You feel failure, lost, hopeless, out-of-control. Nothing seems normal; you drag—like a pre-programmed robot—through your day in a fog, unable to get your mind completely wrapped around what’s happened. Reminders of your agony confront you every place you go. The baby gifts from the last shower line the nursery. Instead of happy announcement cards, you need to send out death announcements and maybe plan a funeral or memorial service. You might need to purchase a cemetery plot. Every new baby you see in the grocery store, bank, shopping mall, or church reminds you of your loss, and jealousy may infiltrate every fiber of your being. You feel physically ill and emotionally crushed when you return to your obstetrician’s office for a checkup: the waiting room is packed with women whose swollen abdomens signal healthy pregnancies and impending birth, and arms tenderly hold newborn infants who would be your daughter’s age. Your thoughts race ridiculously with uncontrollable or shocking thoughts: Why did this happen to me? Why do these women get to be happy while I grieve? Why did their babies survive and mine didn’t? I’m angry at them for their joy! Oh, why did I take this baby and pregnancy for granted, assuming everything would turn out perfectly? Just as oddly, you may then be swamped with overwhelming compassion and love for them, hoping they don’t have to suffer the grief you’re bearing. Or if your pregnancy was unplanned, you might experience overwhelming guilt and berate yourself for having cared so little or for having regarded your pregnancy, and this baby, as a inconvenient nuisance or untimely problem.

You’re completely unprepared for the agony you now feel, and most family members and friends will be unprepared to understand or appreciate it, unless they have walked in your shoes.


As Ingrid Kohn and Perry-Lynn Moffitt write in A Silent Sorrow: Pregnancy Loss, “No matter what your career orientation may be, your womanhood or manhood can be powerfully affirmed by bearing or fathering a child. Pregnancy and parenthood are passages into adulthood that bestow a special status on you, within both your family and your community. Pregnancy even represents a chance to overcome mortality, as you contemplate the continuation of your family line.”

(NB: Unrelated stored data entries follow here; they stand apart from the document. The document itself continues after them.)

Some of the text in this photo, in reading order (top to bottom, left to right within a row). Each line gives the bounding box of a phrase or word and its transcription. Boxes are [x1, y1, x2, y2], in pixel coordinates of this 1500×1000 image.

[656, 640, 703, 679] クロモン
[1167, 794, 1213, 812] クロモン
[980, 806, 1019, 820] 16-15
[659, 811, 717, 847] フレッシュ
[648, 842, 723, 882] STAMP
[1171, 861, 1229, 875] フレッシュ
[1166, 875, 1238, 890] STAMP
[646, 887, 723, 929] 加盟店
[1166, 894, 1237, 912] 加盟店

In the 1970s, pediatricians John Kennell and Marshall Klause performed research that indicated parents’ emotional attachment and bonding to their baby begins early in the pregnancy. This is important for people to understand: the baby that you or your friend or family member lost was probably deeply loved, surrounded by expectations, hopes and dreams.


Indeed, the pain of loss can be overwhelming, frightening and earthshaking. Some parents actually develop Post Traumatic Stress Disorder Syndrome following the death of their baby. “They respond to their tragedy with the same intense traumas such as fires, plane crashes, or rapes. Parents suffering from this disorder may display such disparate symptoms as reliving the events in great detail, or forming a kind of amnesia about the loss of their child.”

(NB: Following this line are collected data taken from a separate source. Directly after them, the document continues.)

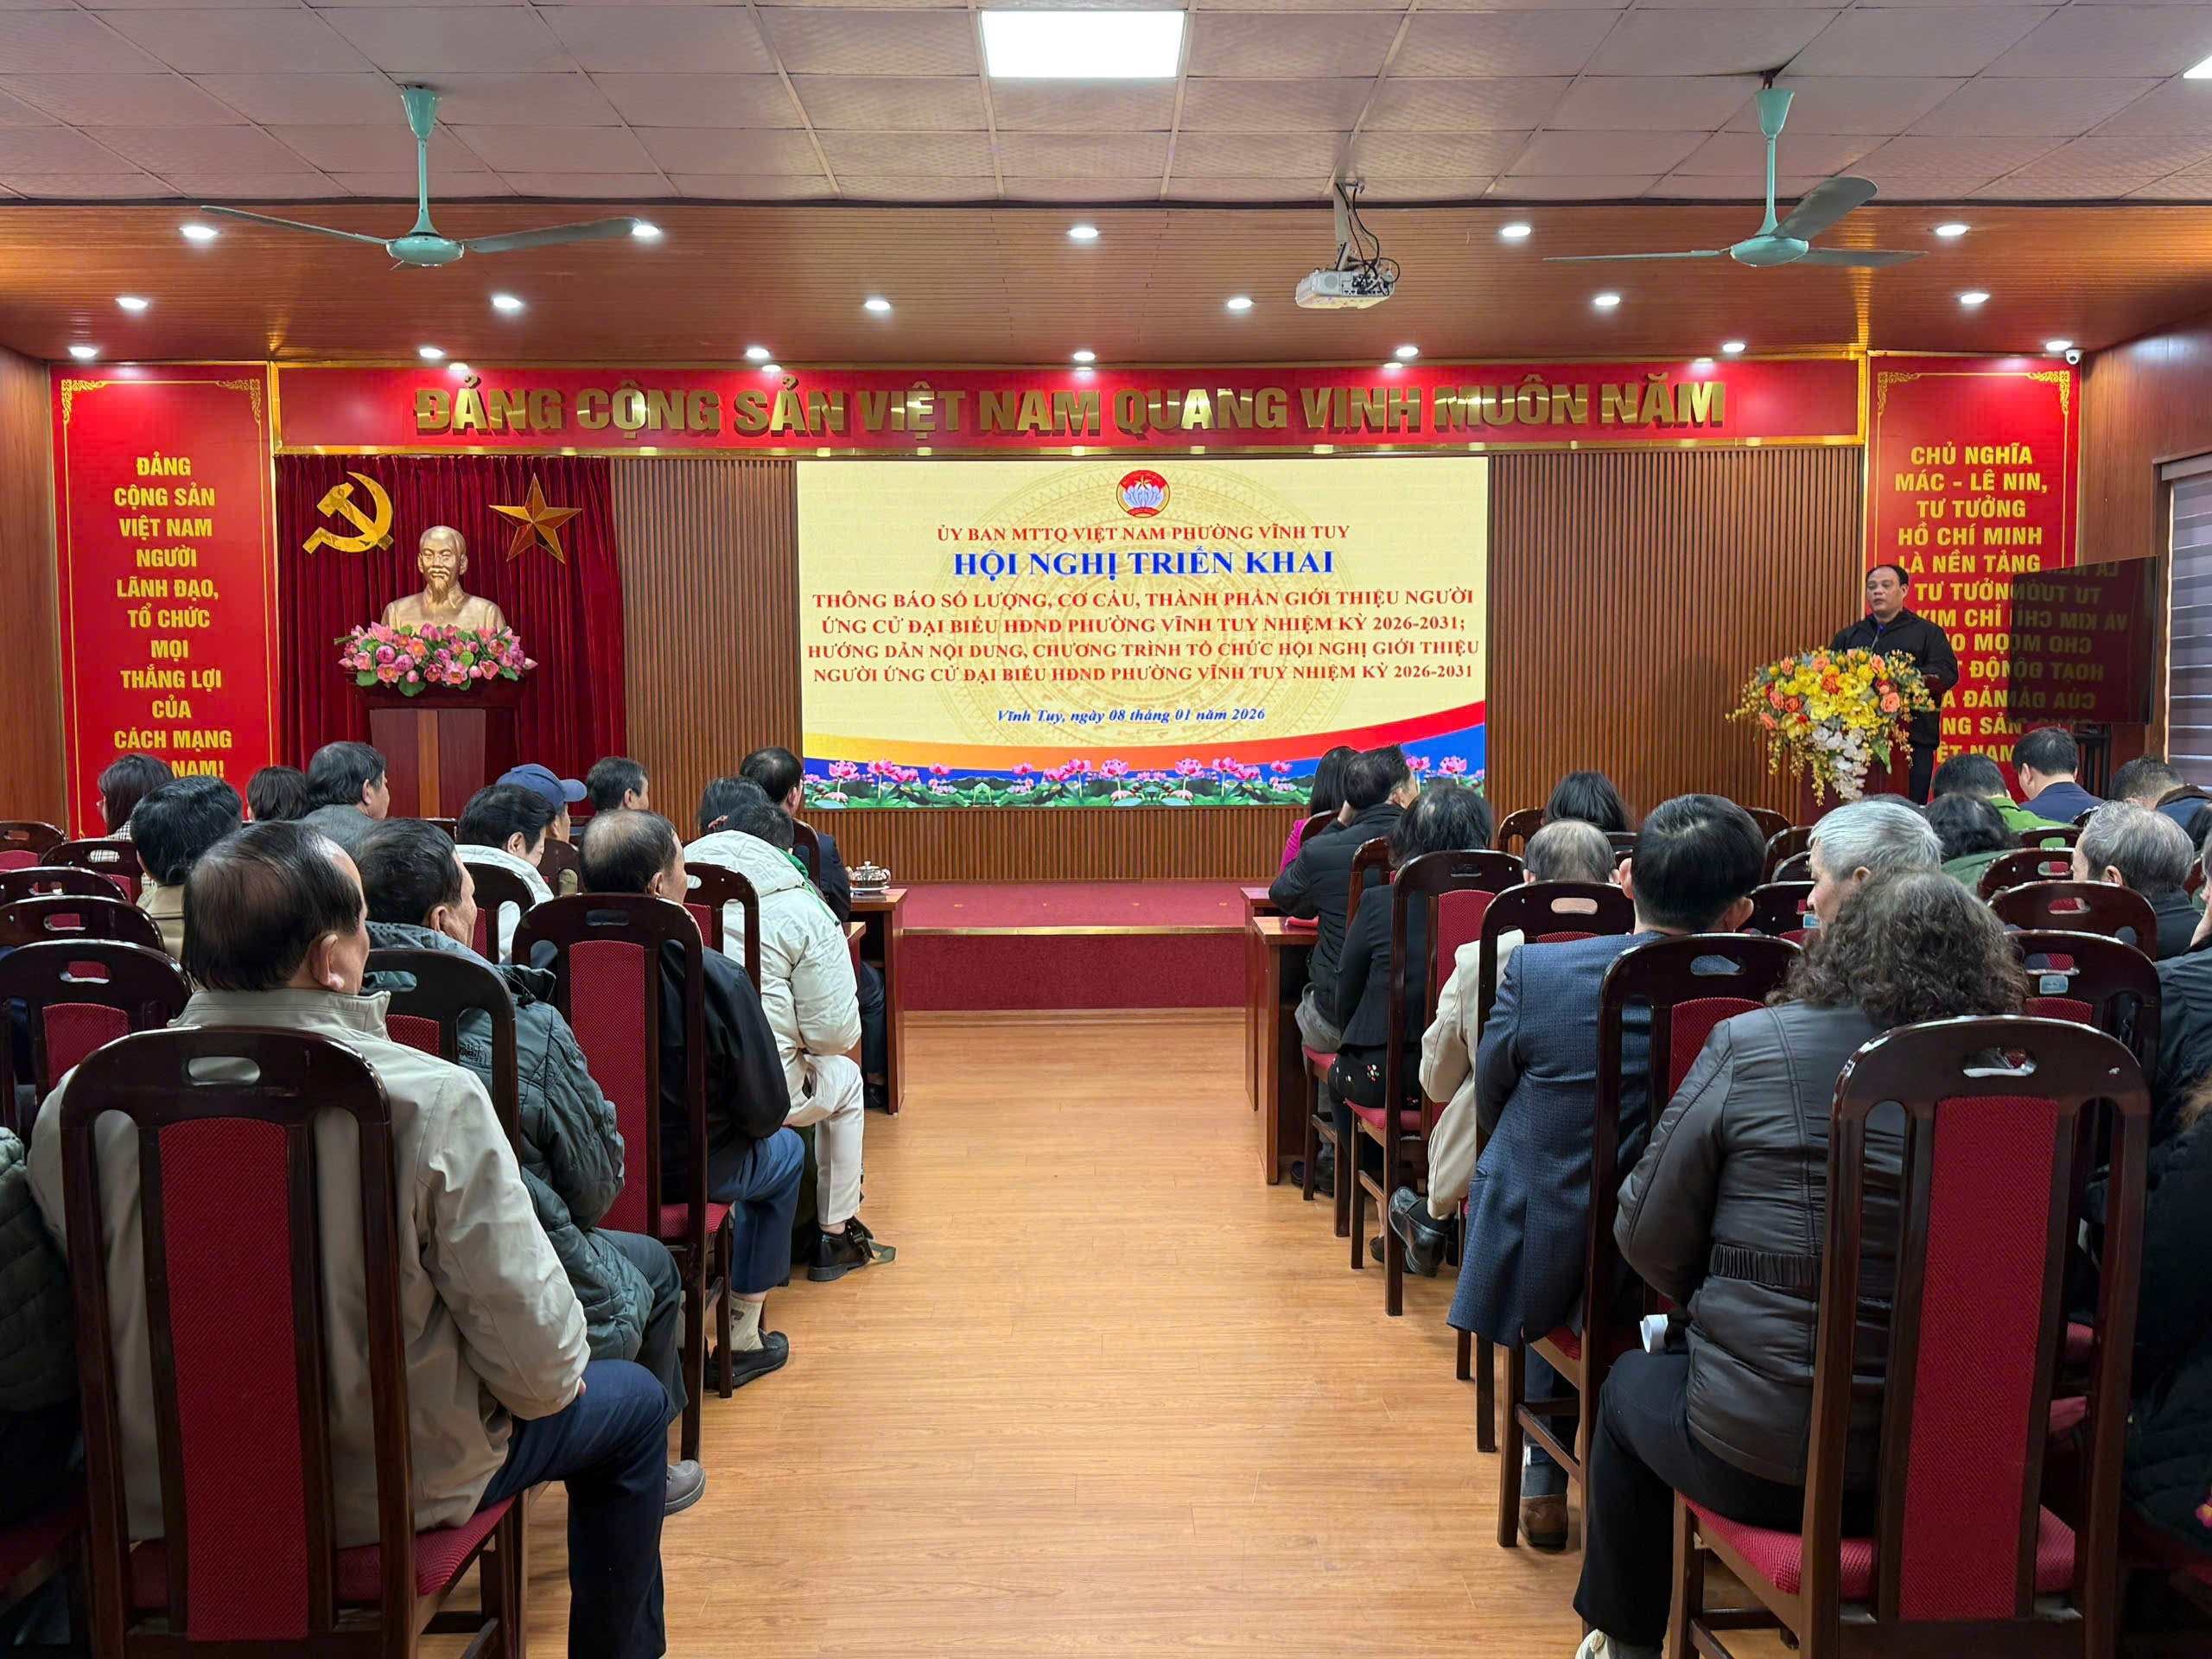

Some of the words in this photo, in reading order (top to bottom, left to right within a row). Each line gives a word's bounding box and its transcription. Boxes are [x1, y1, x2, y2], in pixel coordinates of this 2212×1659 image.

[415, 375, 563, 435] ĐẢNG
[575, 380, 721, 440] CỘNG
[734, 376, 849, 435] SẢN
[856, 381, 967, 440] VIỆT
[981, 389, 1099, 436] NAM
[1115, 388, 1287, 436] QUANG
[1300, 387, 1422, 435] VINH
[1433, 375, 1590, 431] MUÔN
[1601, 372, 1726, 431] NĂM
[137, 451, 191, 476] ĐẢNG
[1911, 442, 1955, 465] CHỦ
[1965, 442, 2032, 464] NGHĨA
[1895, 468, 1945, 492] MÁC
[1971, 469, 1994, 491] LÊ
[2004, 473, 2047, 493] NIN,
[114, 484, 168, 510] CỘNG
[175, 482, 214, 506] SẢN
[1916, 499, 1946, 518] TƯ
[1952, 495, 2025, 518] TƯỞNG
[119, 515, 160, 540] VIỆT
[167, 518, 212, 537] NAM
[938, 526, 963, 541] ỦY
[969, 528, 1006, 542] BAN
[1012, 528, 1068, 543] MTTQ
[1073, 526, 1118, 543] VIỆT
[1122, 526, 1165, 541] NAM
[1173, 524, 1253, 542] PHƯỜNG
[1259, 524, 1306, 539] VĨNH
[1312, 525, 1349, 539] TUY
[1898, 521, 1929, 546] HỒ
[1937, 524, 1975, 545] CHÍ
[1984, 527, 2042, 544] MINH
[137, 544, 196, 567] NGƯỜI
[955, 550, 1016, 582] HỘI
[1030, 553, 1116, 581] NGHỊ
[1247, 550, 1332, 574] KHAI
[1899, 551, 1924, 573] LÀ
[1933, 550, 1975, 573] NỀN
[1984, 550, 2040, 572] TẢNG
[118, 576, 168, 597] LÃNH
[174, 580, 219, 601] ĐẠO,
[812, 590, 887, 608] THÔNG
[894, 591, 936, 608] BÁO
[975, 593, 1052, 611] LƯỢNG,
[1058, 593, 1087, 608] CƠ
[1146, 590, 1218, 607] THÀNH
[1284, 588, 1330, 606] GIỚI
[1336, 589, 1398, 608] THIỆU
[1405, 587, 1473, 604] NGƯỜI
[1915, 582, 1943, 601] TƯ
[1950, 578, 2012, 601] TƯỞN
[128, 603, 151, 627] TỔ
[158, 607, 210, 627] CHỨC
[822, 617, 866, 634] ỨNG
[908, 620, 944, 637] ĐẠI
[1004, 620, 1063, 633] HĐND
[1069, 615, 1155, 633] PHƯỜNG
[1161, 615, 1211, 632] VĨNH
[1217, 617, 1258, 632] TUY
[1264, 616, 1332, 634] NHIỆM
[1372, 616, 1465, 631] 2026-2031;
[1964, 603, 2001, 627] CHỈ
[151, 640, 188, 662] MỌI
[809, 643, 878, 658] HƯỚNG
[930, 643, 963, 660] NỘI
[969, 645, 1028, 659] DUNG,
[1033, 643, 1116, 658] CHƯƠNG
[1122, 641, 1180, 657] TRÌNH
[1217, 640, 1273, 657] CHỨC
[1279, 640, 1313, 658] HỘI
[1319, 642, 1366, 658] NGHỊ
[1372, 639, 1414, 655] GIỚI
[1420, 640, 1478, 657] THIỆU
[121, 664, 185, 688] THẮNG
[192, 669, 221, 691] LỢI
[814, 665, 877, 682] NGƯỜI
[884, 664, 925, 682] ỨNG
[963, 668, 996, 684] ĐẠI
[1052, 667, 1105, 682] HĐND
[1111, 663, 1192, 681] PHƯỜNG
[1198, 664, 1244, 681] VĨNH
[1249, 666, 1287, 679] TUY
[1293, 664, 1356, 682] NHIỆM
[1394, 665, 1471, 677] 2026-2031
[1969, 656, 2010, 682] ĐỘN
[152, 695, 191, 718] CỦA
[1963, 685, 2007, 708] ĐẢN
[999, 710, 1031, 721] Vĩnh
[1039, 710, 1065, 724] Tuy,
[1071, 711, 1103, 724] ngày
[1109, 709, 1127, 721] 08
[1130, 709, 1171, 724] tháng
[1175, 709, 1191, 721] 01
[1196, 709, 1227, 721] năm
[1232, 708, 1265, 721] 2026
[1980, 712, 2021, 734] SẢN
[115, 728, 166, 748] CÁCH
[174, 730, 232, 752] MẠNG
[172, 760, 224, 779] NAM!

Mothers and fathers may experience pregnancy loss grief in varying ways from one another, and it’s important for the couple to recognize and appreciate these differences. This is something Chris and I had great difficulty understanding. Each of us thought the other would, and should, grieve in the same way. Consequently, our relationship suffered immeasurably the first year following Victoria’s death, and our ability to really come to a sense of understanding, resolution and healing as a couple didn’t occur until April 13 of this year, twenty years later.


But before I delve into the mother’s and father’s unique grieving experiences, I’ll talk next week about shock and denial, acute grief and anticipatory grief, specific stages or reactions I haven’t yet addressed.


So, thanks again for joining me.

Until next week!

Blessings,

Andrea


Reference: A Silent Sorrow: Pregnancy Loss, by Ingrid Kohn, MSW and Perry-Lynn Moffitt, with Isabelle A. Wilkins, MD; 1992.